Ready to travel? Click here to plan your next trip!
 

Building My Own Taj Mahal

I would usually be eager to go inside after hoisting Penny up the three flights of stairs to my apartment, but the evening of November 10, 2008 was different. I gently set the elderly dalmatian onto the concrete walkway, sat down on the top step and put my head in my hands.

Penny walked around the front of me and rubbed her snout underneath my chin, as if she knew exactly what had paralyzed me in the pitch darkness. Her soft, sweet grunts at once belied the finality of the conclusion I had reached and served as reassurance that it was the right one: Tomorrow would be the day.

11/11 is a date that means different things to different people. If you’re not a veteran, or don’t know someone who is, the 11th of November evokes luck, serendipity and even magic. For me, it represents the day I sat comatose and numb in a low-cost veterinary clinic, as my childhood dog took her last breath – a day that was, at the time, the worst day of my life.

As I signed the document confirming Penny’s cremation and walked, reluctantly, out of the office (were they really going to leave her there on the floor?), I knew that no deal I made with any deity could bring her back to me.
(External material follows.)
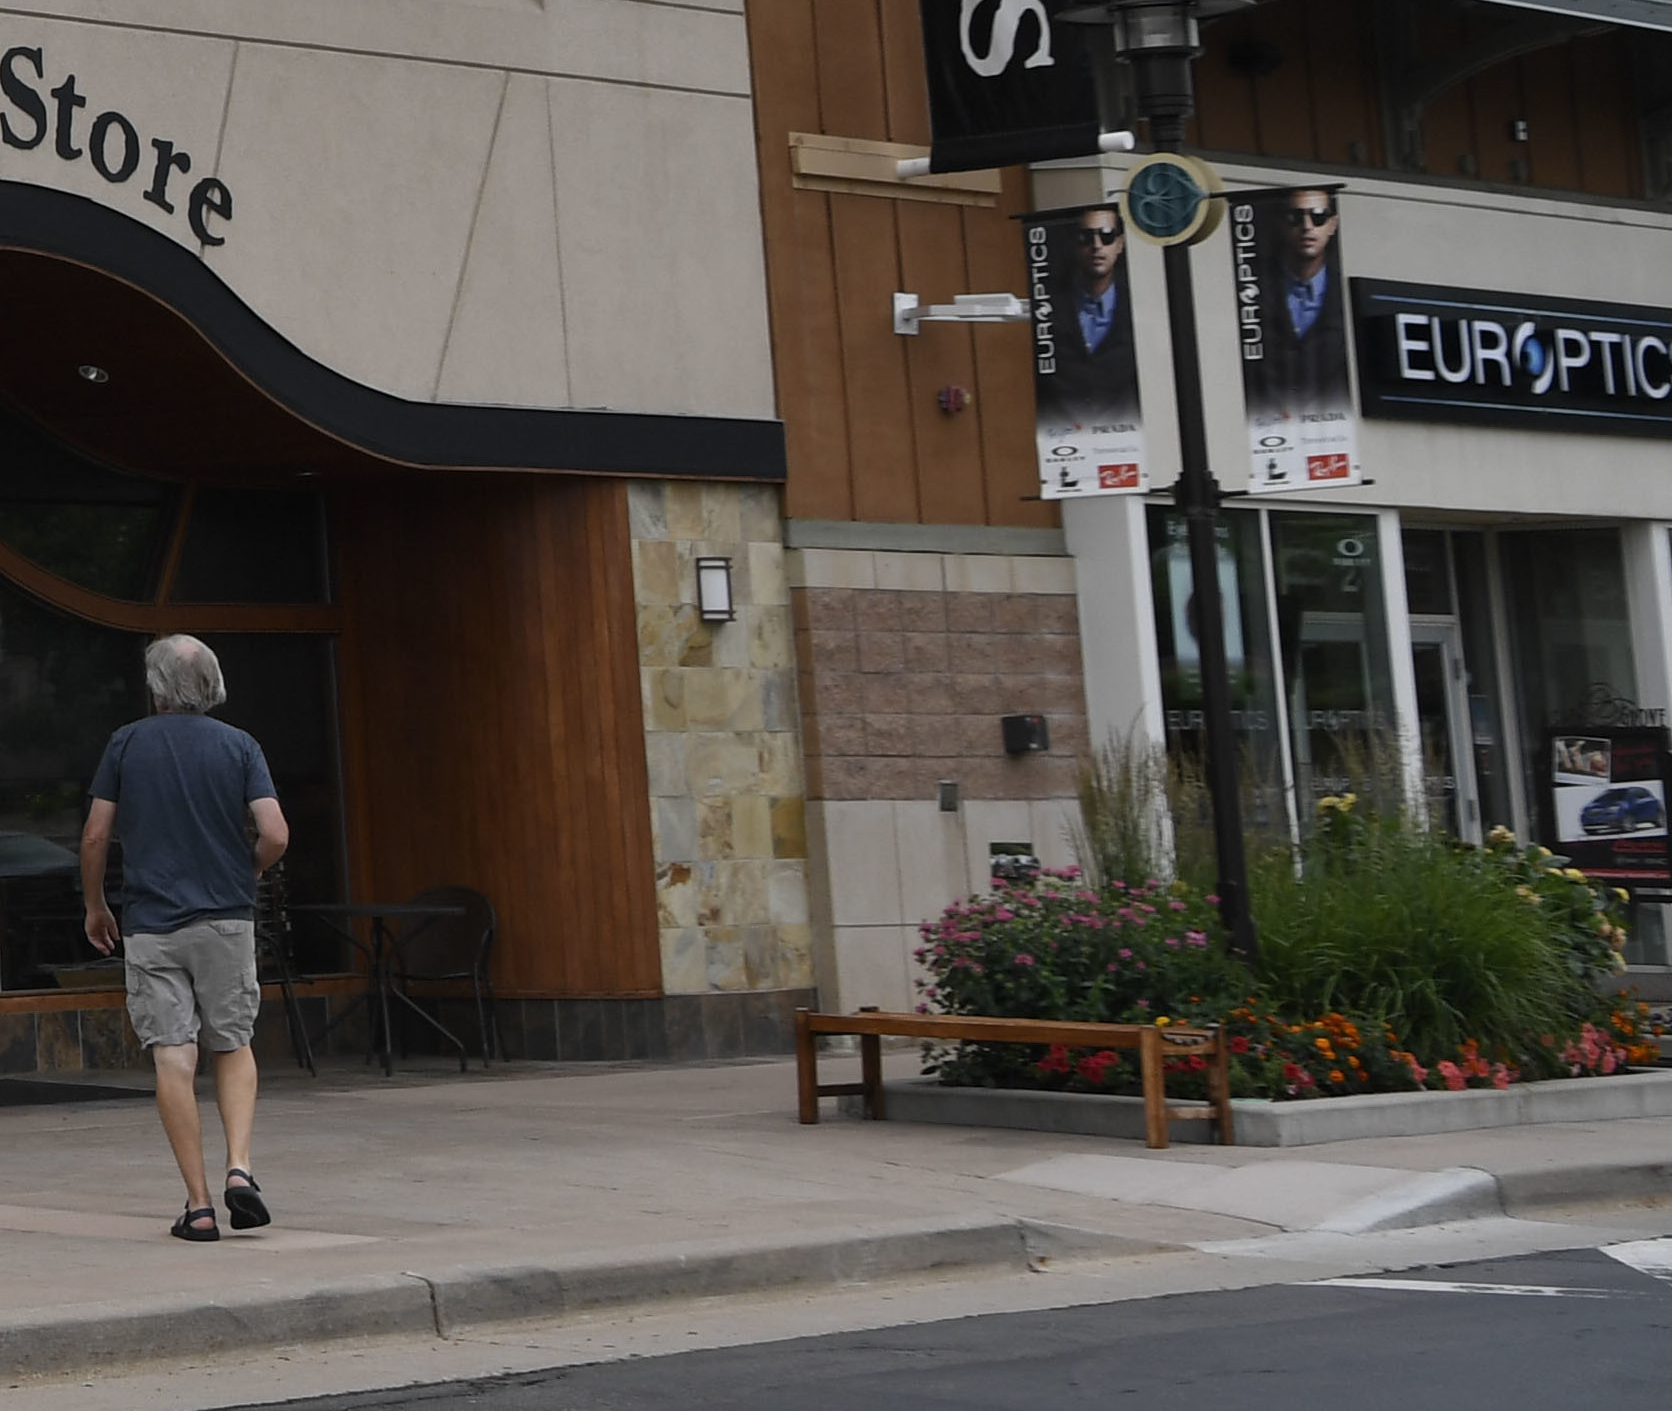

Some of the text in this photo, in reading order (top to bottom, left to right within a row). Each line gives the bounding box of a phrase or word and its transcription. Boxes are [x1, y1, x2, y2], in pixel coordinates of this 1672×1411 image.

[0, 46, 233, 246] Store
[1029, 227, 1056, 374] EUROPTICS
[1234, 204, 1263, 360] EUROPTICS
[1395, 313, 1672, 399] EUROPTIC
So instead, I made a vow to myself, to go out into the world and make something of the love having her by my side for 15 years had bestowed upon me.
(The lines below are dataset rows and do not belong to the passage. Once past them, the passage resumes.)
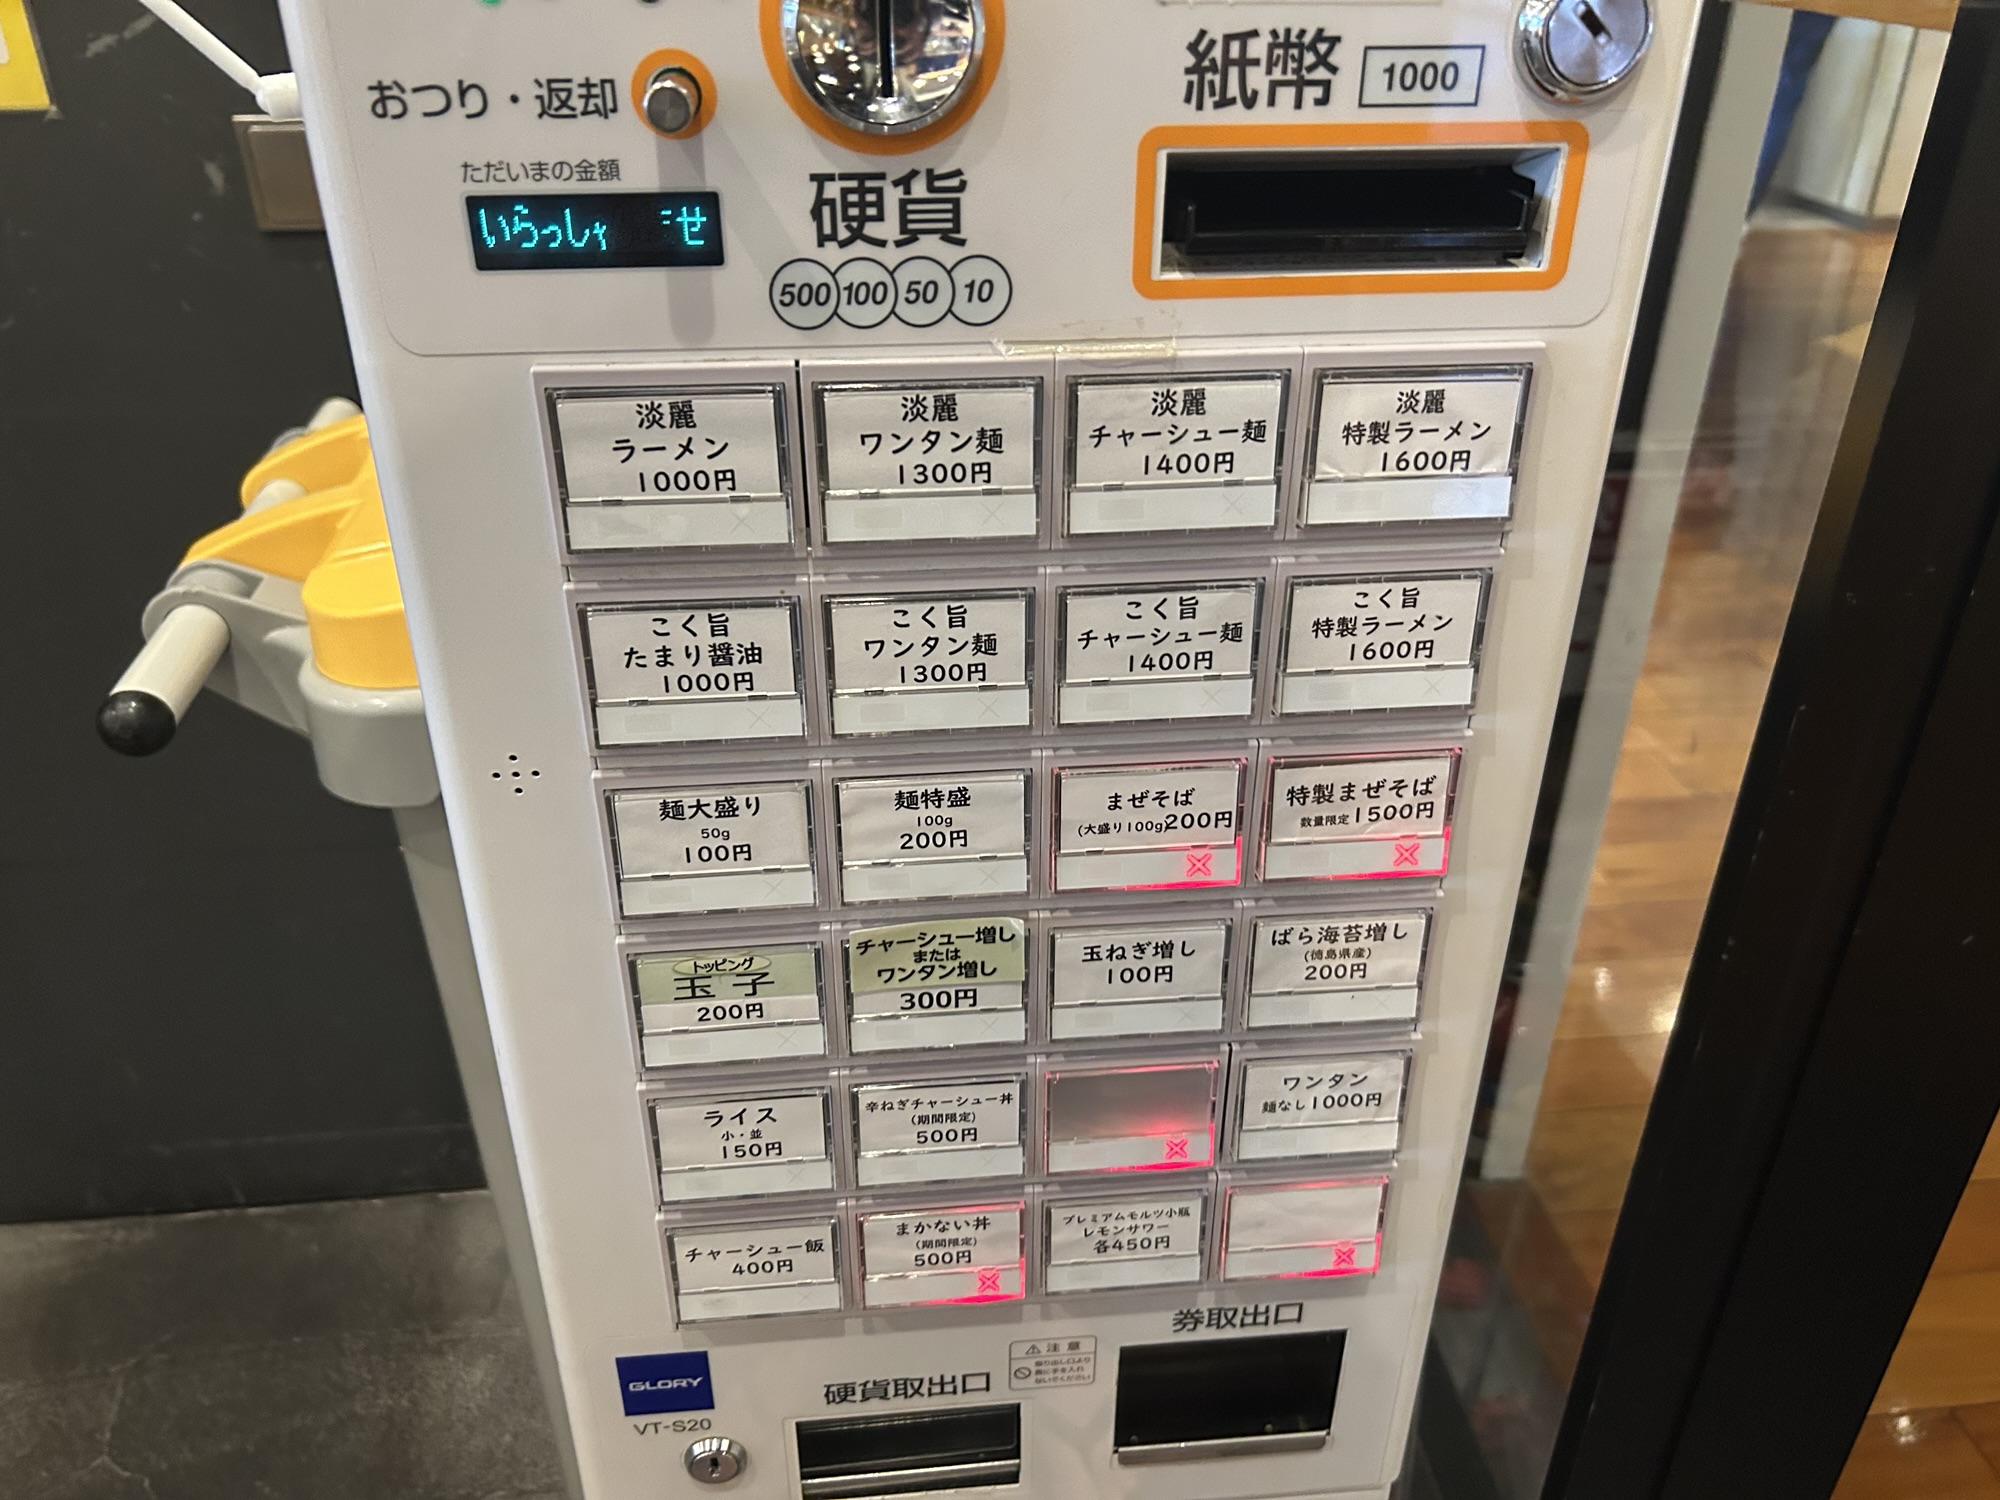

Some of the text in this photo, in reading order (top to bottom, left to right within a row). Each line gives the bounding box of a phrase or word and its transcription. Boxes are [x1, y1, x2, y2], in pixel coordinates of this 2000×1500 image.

[1183, 27, 1342, 111] 紙幣
[1383, 61, 1459, 92] 1000
[367, 76, 619, 120] おつり・返却
[461, 158, 621, 184] ただいまの金額
[809, 168, 968, 249] 硬貨
[779, 278, 995, 308] 500 100 50 10
[901, 393, 959, 423] 淡麗
[1151, 388, 1206, 417] 淡麗
[1395, 388, 1446, 415] 淡麗
[635, 399, 697, 430] 淡麗
[860, 426, 1004, 456] ワンタン麺
[1088, 418, 1267, 449] チャーシュー麺
[1341, 420, 1492, 446] 特製ラーメン
[612, 436, 729, 464] ラーメン
[1381, 449, 1471, 473] 1600円
[899, 461, 992, 485] 1300円
[1144, 451, 1235, 476] 1400円
[639, 468, 737, 493] 1000円
[1126, 595, 1199, 621] こく旨
[1354, 587, 1420, 609] こく旨
[651, 612, 730, 638] こく旨
[893, 604, 968, 630] こく旨
[1311, 613, 1453, 642] 特製ラーメン
[864, 632, 999, 660] ワンタン麺
[1077, 621, 1243, 650] チャーシュー麺
[623, 641, 763, 669] たまり醤油
[1129, 650, 1213, 673] 1400円
[1349, 639, 1435, 662] 1600円
[663, 671, 755, 694] 1000円
[900, 662, 989, 686] 1300円
[894, 786, 972, 812] 麺特盛
[1107, 787, 1196, 811] まぜそば
[1286, 774, 1437, 808] 特製まぜそば
[658, 795, 760, 822] 麺大盛り
[1355, 800, 1435, 824] 1500円
[917, 814, 953, 828] 100g
[700, 827, 730, 841] 50g
[900, 829, 968, 850] 200円
[685, 843, 752, 864] 100円
[855, 925, 1016, 957] チャーシュー増し
[1271, 922, 1408, 949] ばら海苔増し
[913, 946, 962, 964] または
[1081, 939, 1196, 963] 玉ねぎ増し
[693, 956, 755, 974] トッピング
[877, 961, 998, 983] ワンタン増し
[1108, 964, 1174, 985] 100円
[1304, 962, 1367, 981] 200円
[673, 970, 775, 1001] 玉子
[900, 988, 978, 1011] 300円
[697, 1002, 764, 1023] 200円
[1283, 1073, 1368, 1092] ワンタン
[865, 1092, 1014, 1114] 辛ねぎチャーシュー丼
[703, 1107, 777, 1127] ライス
[911, 1111, 976, 1126] (期間限定)
[916, 1127, 978, 1145] 500円
[722, 1140, 783, 1159] 150円
[896, 1215, 991, 1237] まかない丼
[1083, 1222, 1170, 1238] レモンサワー
[685, 1238, 825, 1264] チャーシュー飯
[1093, 1234, 1170, 1255] 各450円
[732, 1258, 793, 1276] 400円
[914, 1248, 972, 1267] 500円
[1172, 1302, 1304, 1334] 券取出口
[628, 1376, 704, 1392] GLORY
[823, 1371, 993, 1406] 硬貨取出口
[633, 1418, 712, 1436] VT-S20
It was difficult, at the time, to imagine how I might accomplish that. And it soon became even more difficult: Less than two months later, I lost my job of two years, which came only a few weeks before a trip to India I’d already booked and paid for, and only went on as planned because I couldn’t afford to eat the fee I’d be charged if I canceled.
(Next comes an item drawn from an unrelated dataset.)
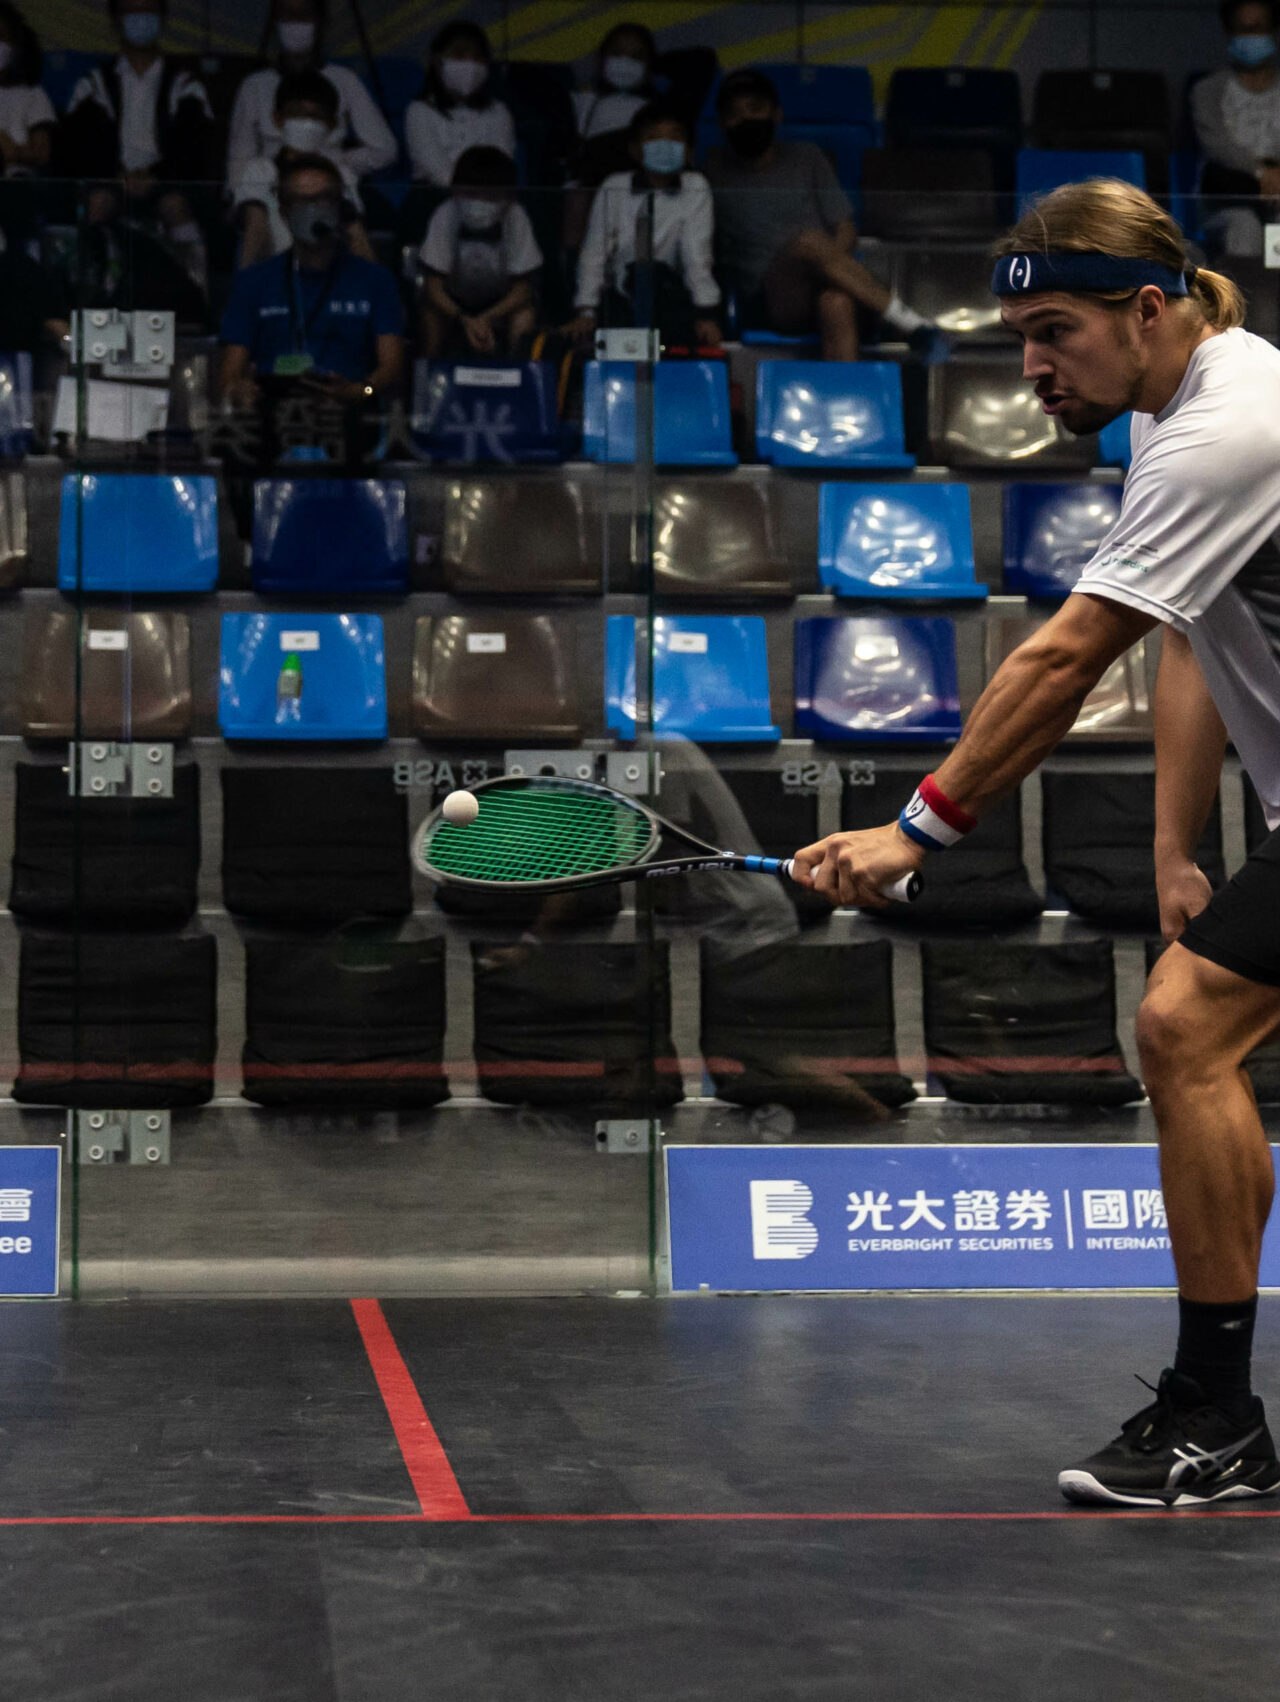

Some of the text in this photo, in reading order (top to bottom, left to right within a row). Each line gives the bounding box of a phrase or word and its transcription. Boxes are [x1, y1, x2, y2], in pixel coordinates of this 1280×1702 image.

[846, 1189, 1053, 1231] 光大證券
[849, 1239, 953, 1252] EVERBRIGHT
[959, 1237, 1054, 1250] SECURITIES
Well that, and the fact that I needed to go.

I didn’t fully understand this need until I approached the Taj Mahal early one morning the following March. As I entered the mausoleum, which was constructed as a monument to a Mughal emperor’s love for his late wife, thoughts of Penny swirled around me, and I began to visualize all the similar ways I might commemorate my love for her.

Although, as the spring of 2009 scorched into summer, which faded into fall and saw me fly over the Pacific to Shanghai in my life’s grandest gamble, my sadness become more distant and less paralyzing, the promise I had made to myself, and to the memory of Penny, always stayed in the front of my mind.

It stayed there in 2010, when I had saved enough money and procured enough freelance gigs to go out onto the road indefinitely; and in 2011, which I spent mostly back in Austin, where I’d said goodbye to her; and in 2012, when I set out on yet another grand journey. Even this year – and especially this year – honoring Penny, and everything she taught me, has been the driving force behind what I do.

I write this blog in the hopes that each one of you will go out into the world and carry the same sort of love I have for Penny with you; although I often fail, I do my best to embody this love in all of my interactions around the globe.

It doesn’t bring Penny back to me, but somehow, it makes me feel closer to her.